Der Verwaltungsgerichtshof hat durch den Vorsitzenden Senatspräsident Dr. Leukauf, den Vizepräsidenten

Dr. Pesendorfer und die Hofräte Dr. Giendl, Dr. Bernegger und Dr. Waldstätten als Richter, im Beisein der Schriftführerin Mag. König, in der Beschwerdesache des Dr. AF, Rechtsanwalt in W, gegen den Gemeinderat der Stadtgemeinde Kitzbühel wegen Verletzung der Entscheidungspflicht (Einwendungen gegen eine Baubewilligung), den Beschluß gefaßt:

Normen

AVG §6 Abs1;
AVG §63 Abs1;
AVG §63 Abs5;
AVG §66 Abs4;
AVG §73 Abs2;
BauRallg;
B-VG Art132;
GdO Tir 1966 §46;
GdO Tir 1966 §50;
VwGG §27;
VwGG §28 Abs3;
VwRallg;
AVG §6 Abs1;
AVG §63 Abs1;
AVG §63 Abs5;
AVG §66 Abs4;
AVG §73 Abs2;
BauRallg;
B-VG Art132;
GdO Tir 1966 §46;
GdO Tir 1966 §50;
VwGG §27;
VwGG §28 Abs3;
VwRallg;

 

Spruch:

Die Beschwerde wird zurückgewiesen.

Der Beschwerdeführer hat der Stadtgemeinde Kitzbühel Aufwendungen in der Höhe von S 4.565,-- binnen zwei Wochen bei sonstiger Exekution zu ersetzen.

Das Mehrbegehren wird abgewiesen.

Begründung

I.

1. Mit dem Bescheid vom 20. September 1991 hat der Bürgermeister der Stadtgemeinde Kitzbühel die baubehördliche Bewilligung für die Errichtung eines Wohnhauses auf Gst n/18, KG Kitzbühel-Land, erteilt. Dagegen hat der Beschwerdeführer als Vertreter für den "Einschreiter: Dr. G.T." Berufung erhoben. Mit Schreiben vom 7. Oktober 1991 hat der Beschwerdeführer gebeten "zu berichtigen, dass es auf der

1. Seite statt Einschreiter zu heissen hat "Bauwerber" und statt vertreten durch "Einschreiter". Am Ende der Berufung hat die Unterschrift nicht Dr. G.T., sondern Dr. A zu lauten." Im Schreiben vom 7. Oktober 1991 ist ausdrücklich festgehalten, daß im "übrigen die Berufung unverändert (bleibt)." Nach der Aktenlage wurde das Ansuchen um Erteilung der erwähnten Baubewilligung am 1. April 1992 zurückgezogen. Über die an den Gemeinderat der Stadtgemeinde Kitzbühel gerichtete Berufung ist eine Entscheidung bisher nicht ergangen. Der Beschwerdeführer bestand in der Folge gegenüber dem Gemeinderat nicht darauf, daß dieser über seine Berufung selbst entscheide.

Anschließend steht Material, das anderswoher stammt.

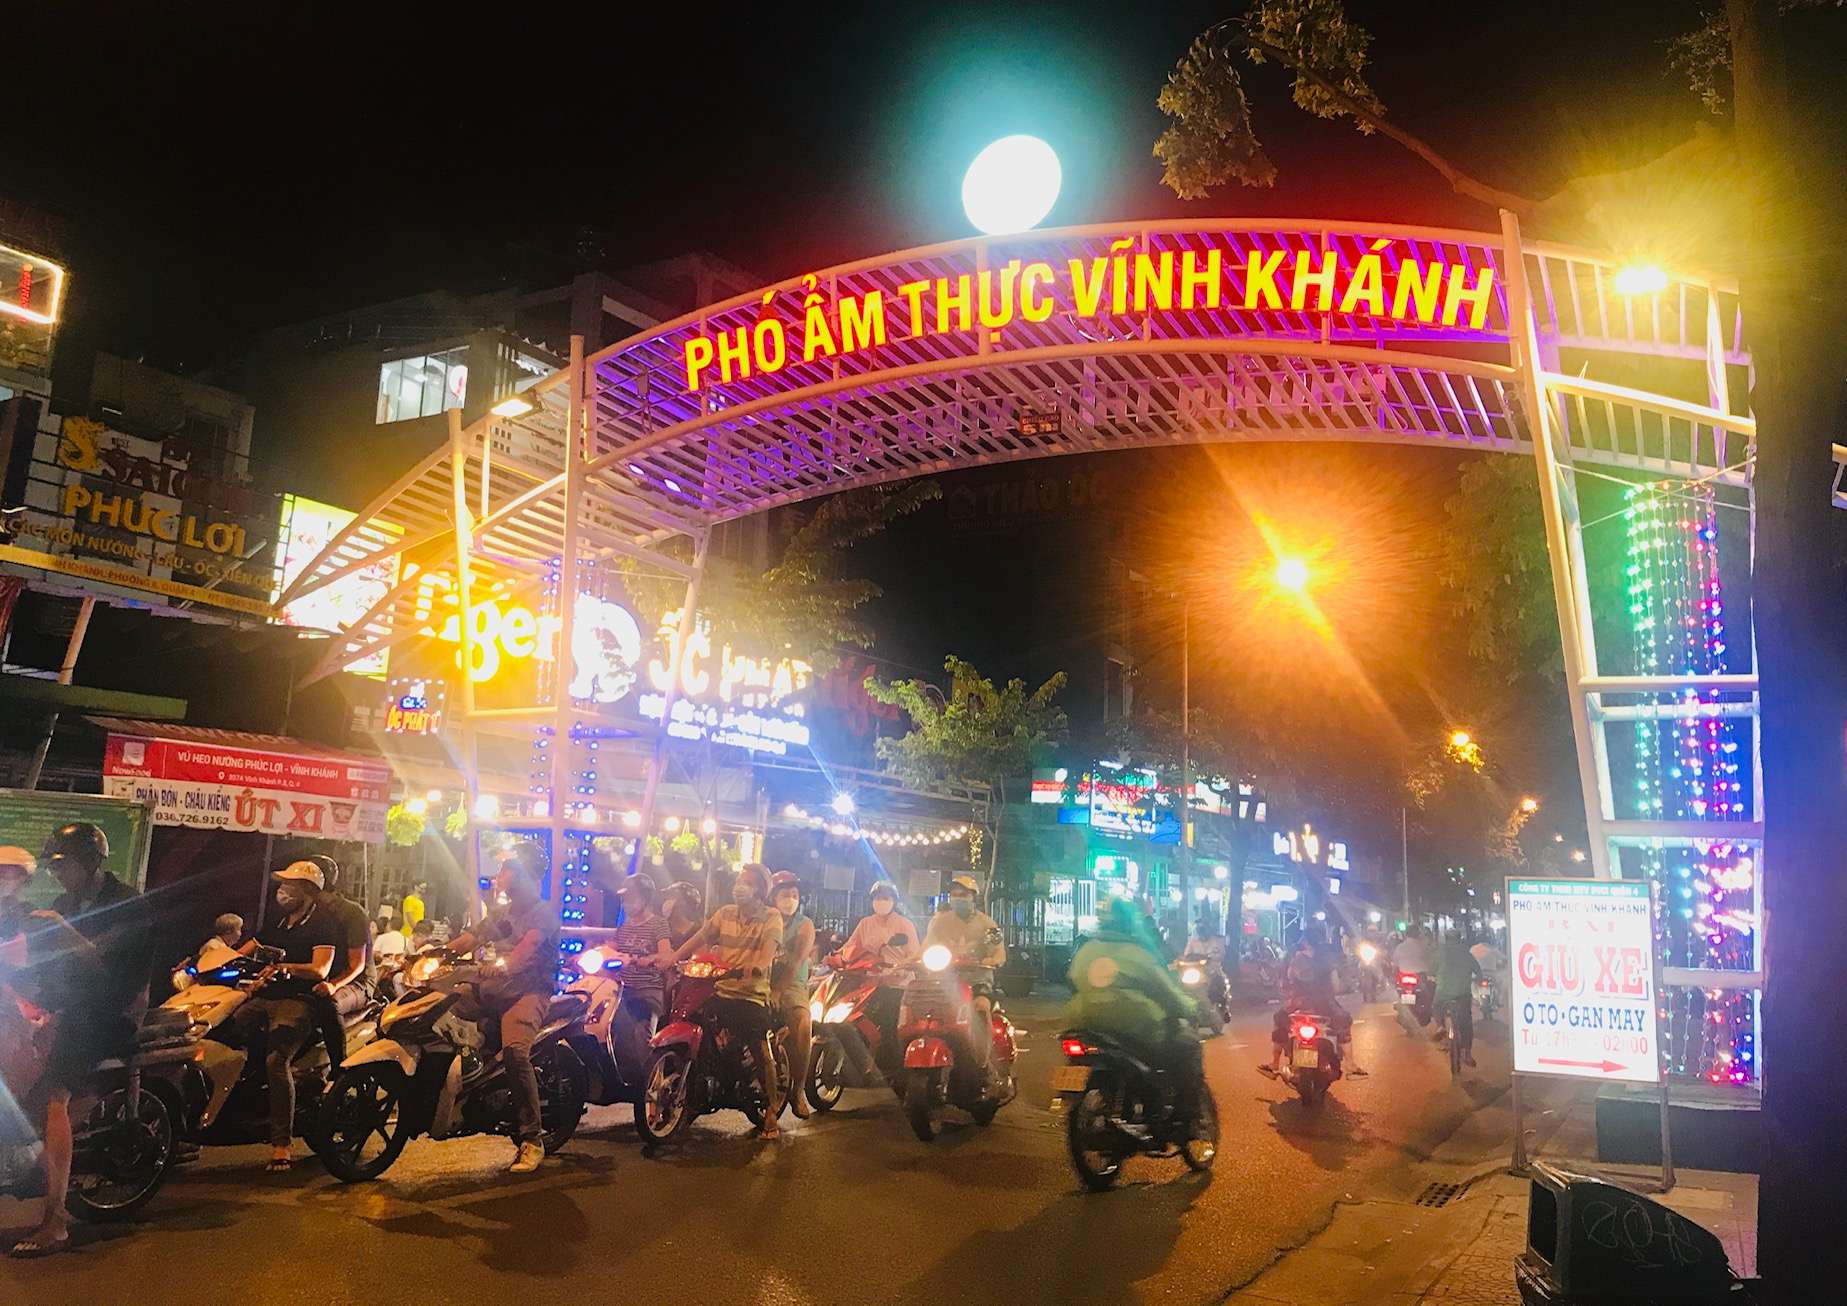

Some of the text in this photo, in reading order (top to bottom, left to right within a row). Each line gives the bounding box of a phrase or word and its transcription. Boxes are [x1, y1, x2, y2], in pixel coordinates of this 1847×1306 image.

[802, 273, 886, 363] ẨM
[899, 260, 1055, 343] THỰC
[1069, 237, 1221, 318] VĨNH
[1244, 239, 1494, 329] KHÁNH

Mit der vorliegenden, am 24. April 1992 zur Post gegebenen Säumnisbeschwerde macht der Beschwerdeführer die Verletzung der Entscheidungspflicht durch die belangte Behörde mangels Entscheidung über seine Berufung geltend. Der Beschwerdeführer beantragt, der Verwaltungsgerichtshof möge in Stattgebung seiner Säumnisbeschwerde gemäß § 42 Abs. 5 VwGG in der Sache selbst entscheiden und gegen Ersatz der Kosten den Bescheid vom 20. September 1991 dahingehend abändern, daß das Bauansuchen zur Gänze abgewiesen werde.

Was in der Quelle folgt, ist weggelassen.